> Phrase grounding data:
- - - -

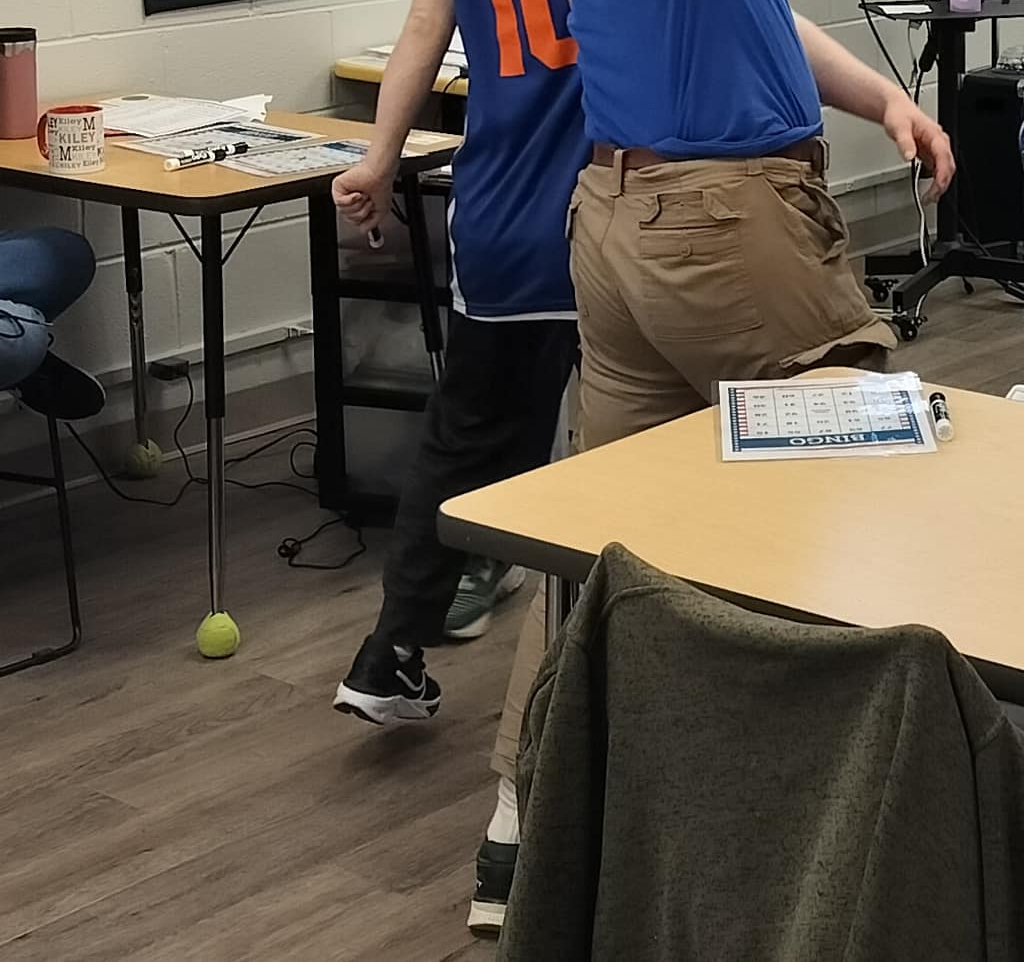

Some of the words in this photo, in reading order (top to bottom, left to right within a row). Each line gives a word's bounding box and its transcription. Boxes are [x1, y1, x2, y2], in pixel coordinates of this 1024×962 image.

[83, 116, 96, 131] M
[59, 132, 96, 144] KILEY
[59, 146, 72, 161] M
[789, 433, 866, 446] BINGO
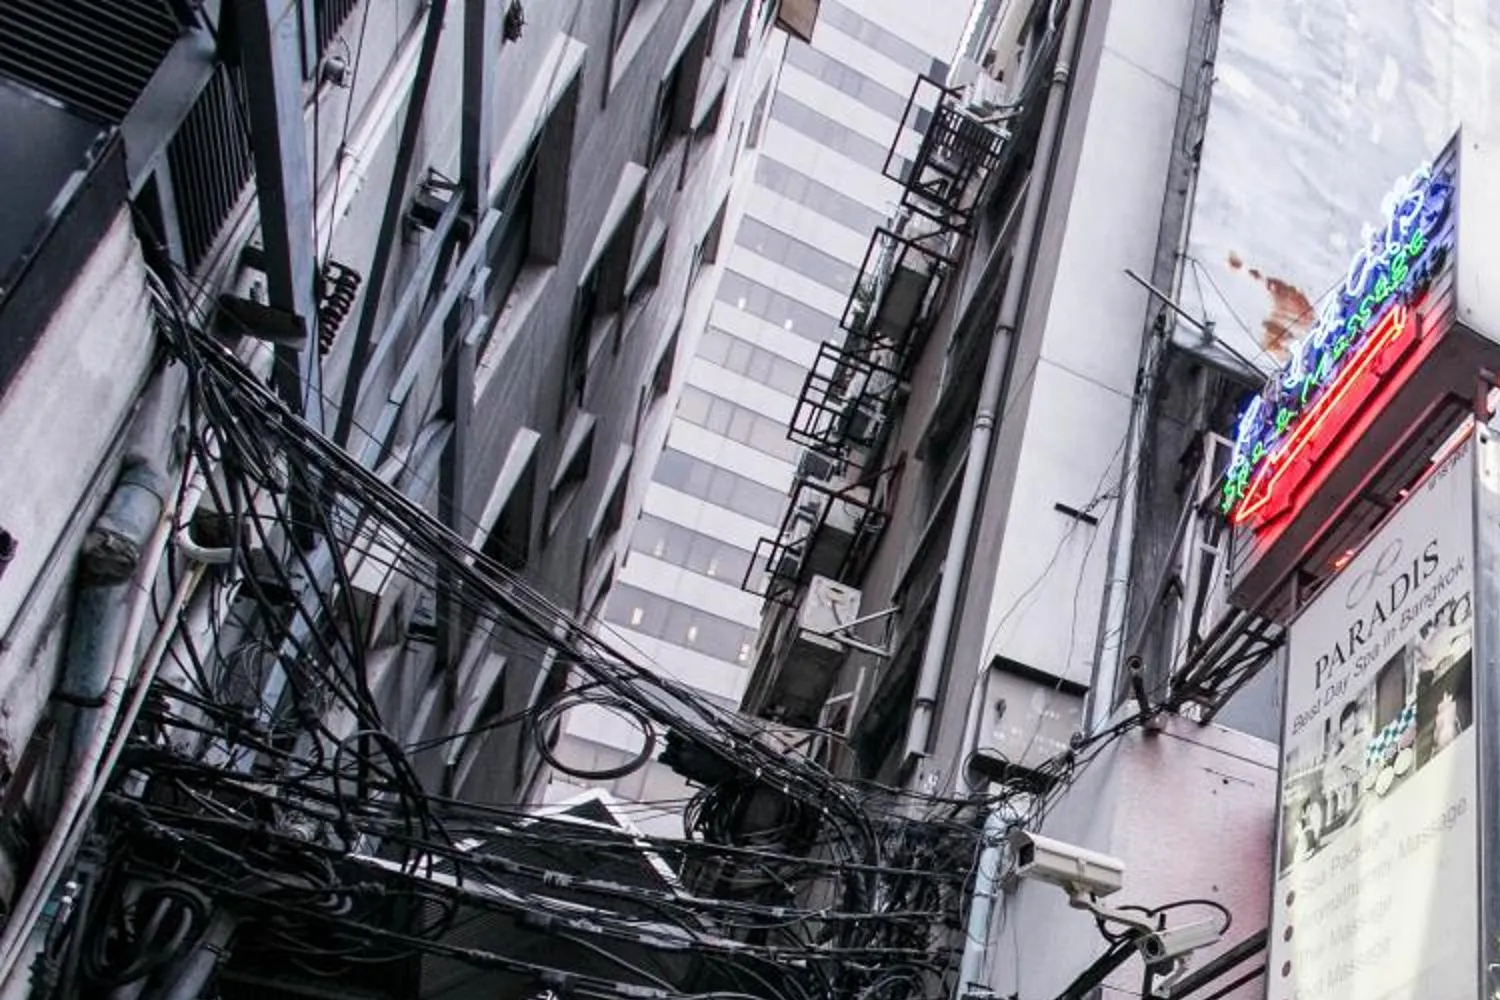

- - - -

Set down the lines of the records above exactly, apart from the pictures.

> Written answer:
Some of the words in this photo, in reading order (top to bottom, left to right within a row). Each line gives a word's bounding box and its transcription. Boxes are [x1, y1, x2, y2], in pixel coordinates of this 1024×962 image.

[83, 116, 96, 131] M
[59, 132, 96, 144] KILEY
[59, 146, 72, 161] M
[789, 433, 866, 446] BINGO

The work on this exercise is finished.